Geologist Samuel Freeth of the University of Wales, among others, speculated the process might set off a new explosion by spurting cold, dense bottom water onto the surface of the lake; the water would sink and create turbulence below. Even the researchers who advocated venting were worried, says Michel Halbwachs, an engineer from France’s University of Savoy, who would design and install most of the equipment: "We were in an area [of science] little known and dangerous."

Using seed money from the European Union and private sources, a team headed by Halbwachs tested garden-hose-diameter pipes in Nyos and Monoun in 1990, then progressively larger pipes in 1992 and 1995. The experiment worked: the gas began venting. Halbwachs and coworkers were jubilant. Then the money ran out. The Cameroon government said it could not afford the $2 million to $3 million for permanent degassing installations. International aid agencies– more used to reacting to natural disasters than preventing them–did not grasp the concept. Kling, Kusakabe and others lobbied oil companies, governments and other organizations to pay for venting. Finally, in 1999, the U.S. Office of Foreign Disaster Assistance (OFDA) came up with $433,000 for a permanent pipe to be installed at Nyos.

By January 2001, the researchers had assembled rafts and piping at the site. Attached to a raft in the middle of the lake, a 5.7-inch-diameter pipe reached 666 feet to the deepest water layer. The Cameroon military provided emergency oxygen tanks for all workers in case of a rogue carbon dioxide release. After everyone retreated to distant high ground, Halbwachs pushed a remote-control button to activate a pump that primed the pipe. Within seconds a 148-foot spray shot into the sunlight at 100 miles per hour, and the small crowd let out a cheer. The degassing of Lake Nyos had begun.
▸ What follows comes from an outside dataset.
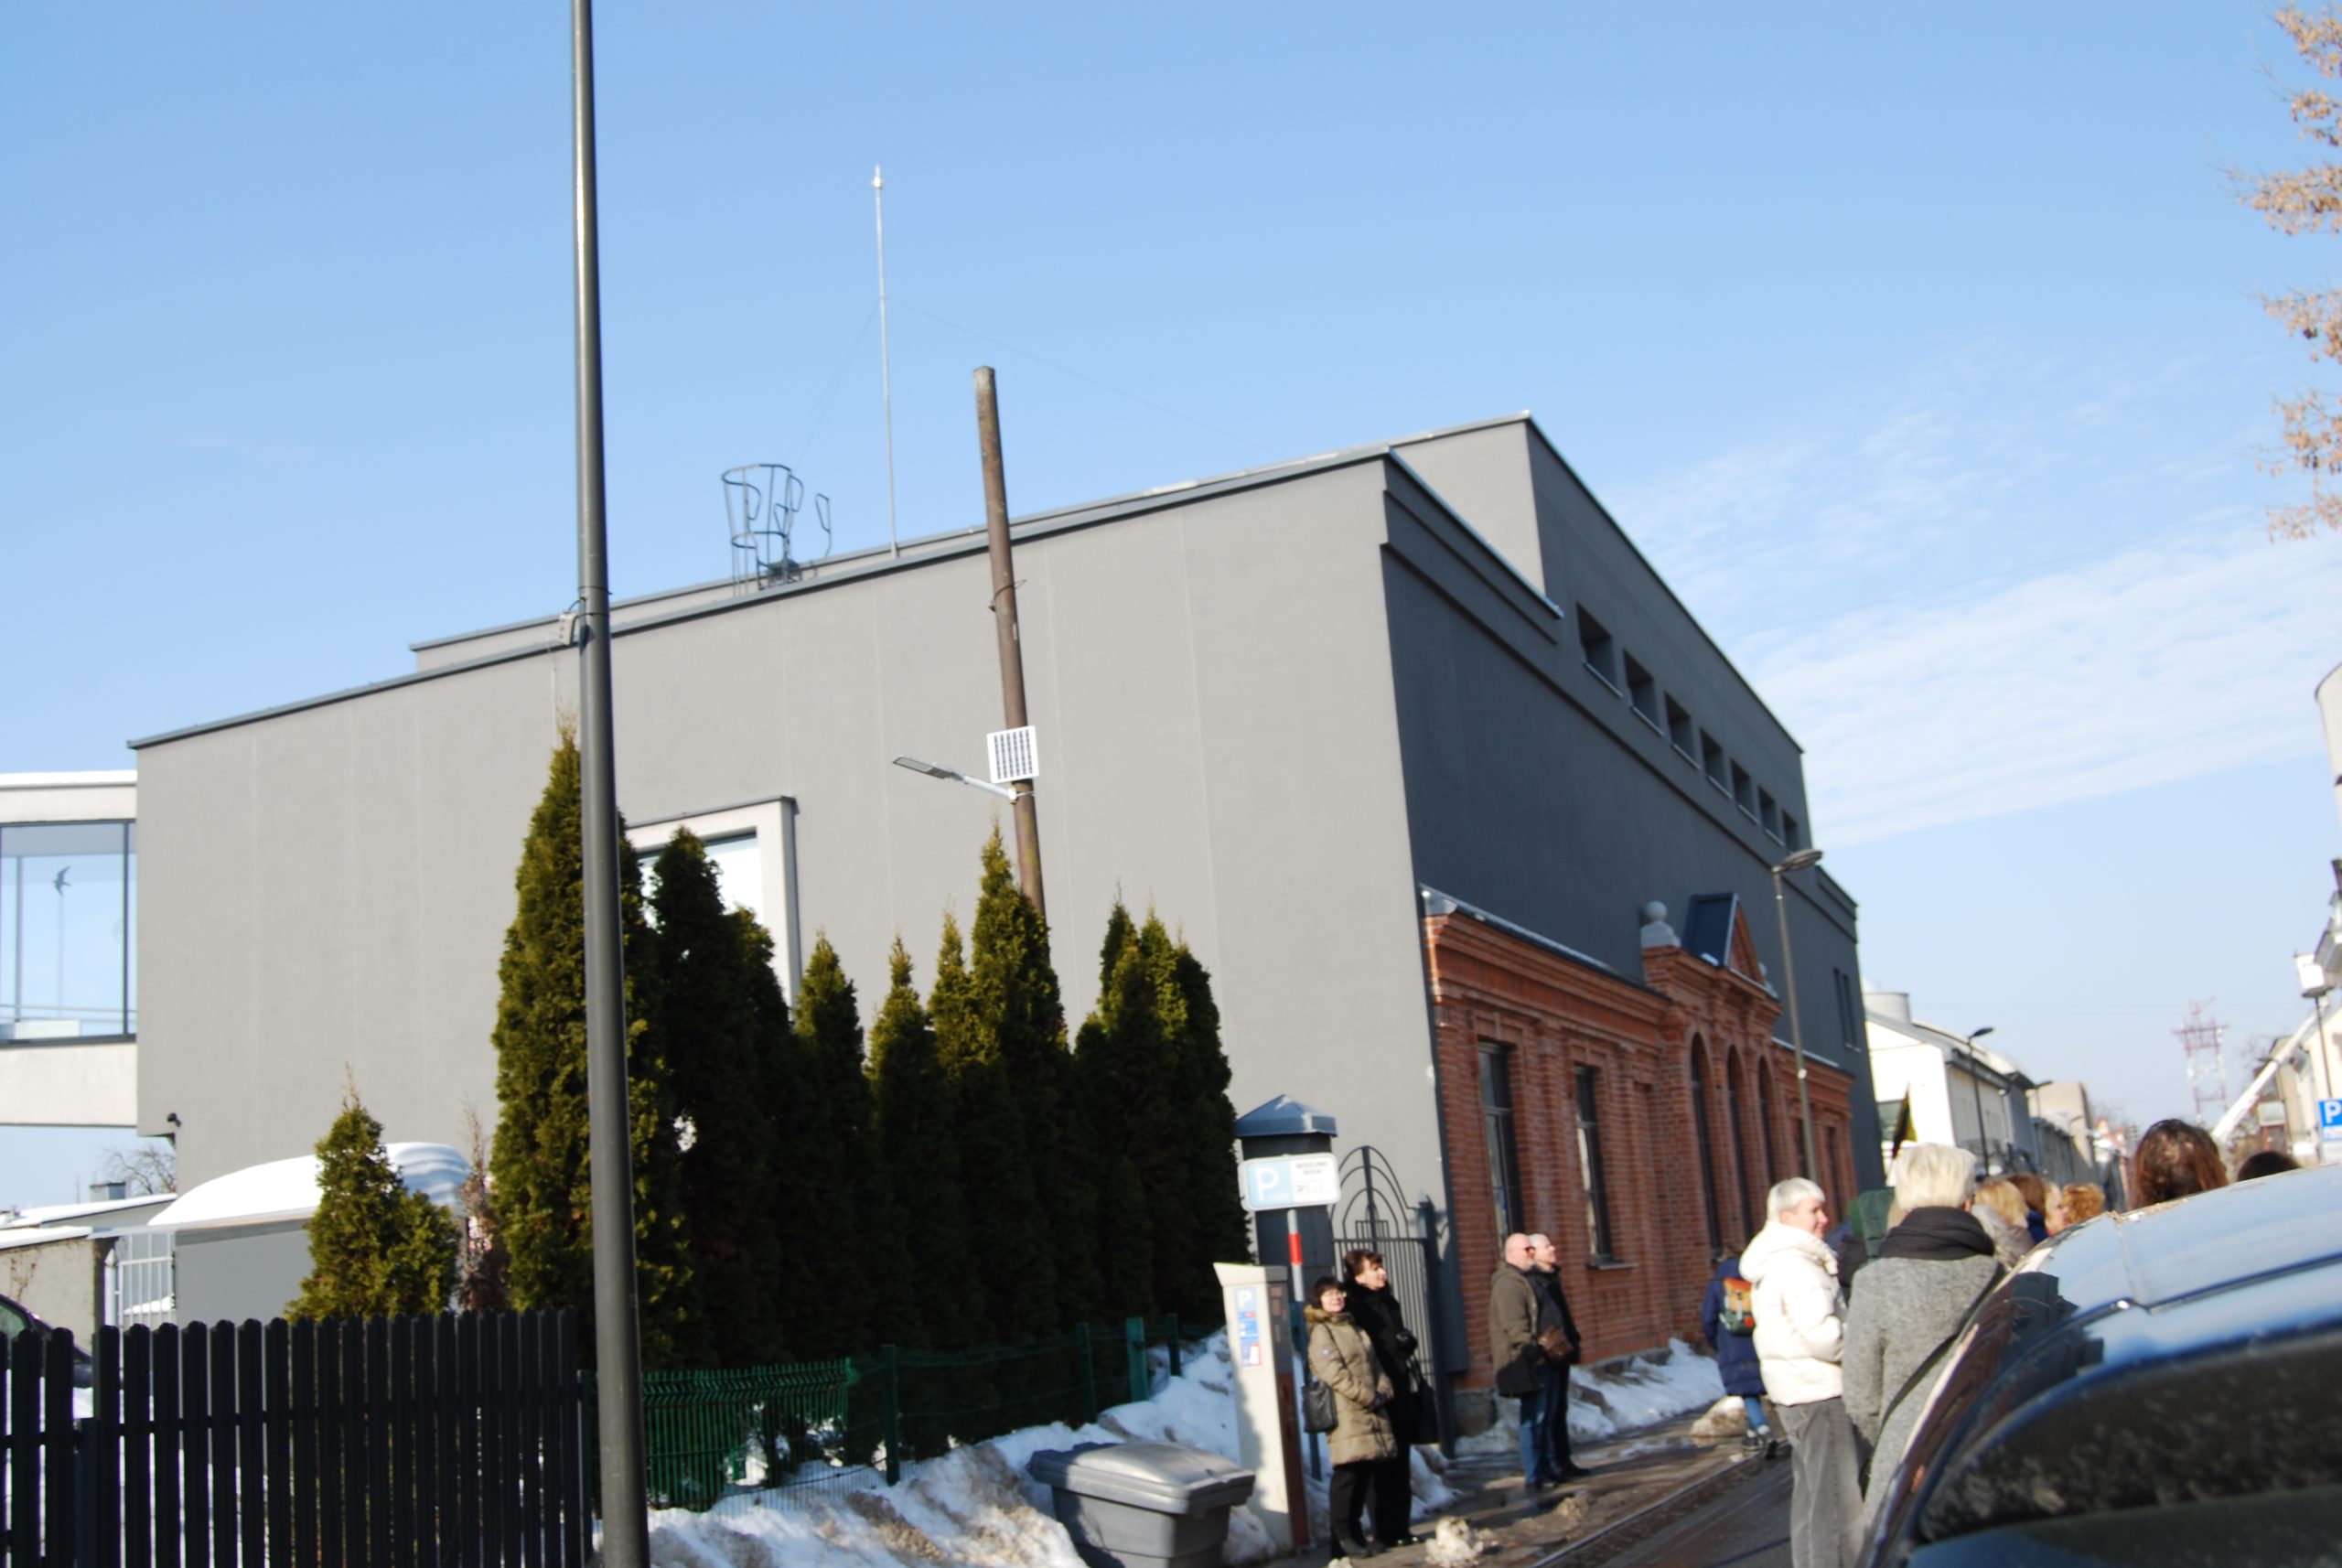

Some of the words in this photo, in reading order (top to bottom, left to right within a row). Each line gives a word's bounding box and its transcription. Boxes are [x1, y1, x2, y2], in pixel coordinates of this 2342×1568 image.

But with 5,500 tons of carbon dioxide still pouring into the lake annually, one pipe barely keeps up; Kling and Evans estimate it may take more than 30 years before enough dissolved carbon dioxide can be vented to make the lake safe. Five pipes, the researchers say, might do the job within five or six years–but so far funding has not materialized. The venting of the lake cannot happen too quickly, as far as locals are concerned. Families have begun drifting back into nearby hills, siting their compounds in high passes but venturing down to the forbidden zone by day. "You can’t keep people out forever," says Greg Tanyileke of Cameroon’s Institute for Geological and Mining Research. "We need to go faster."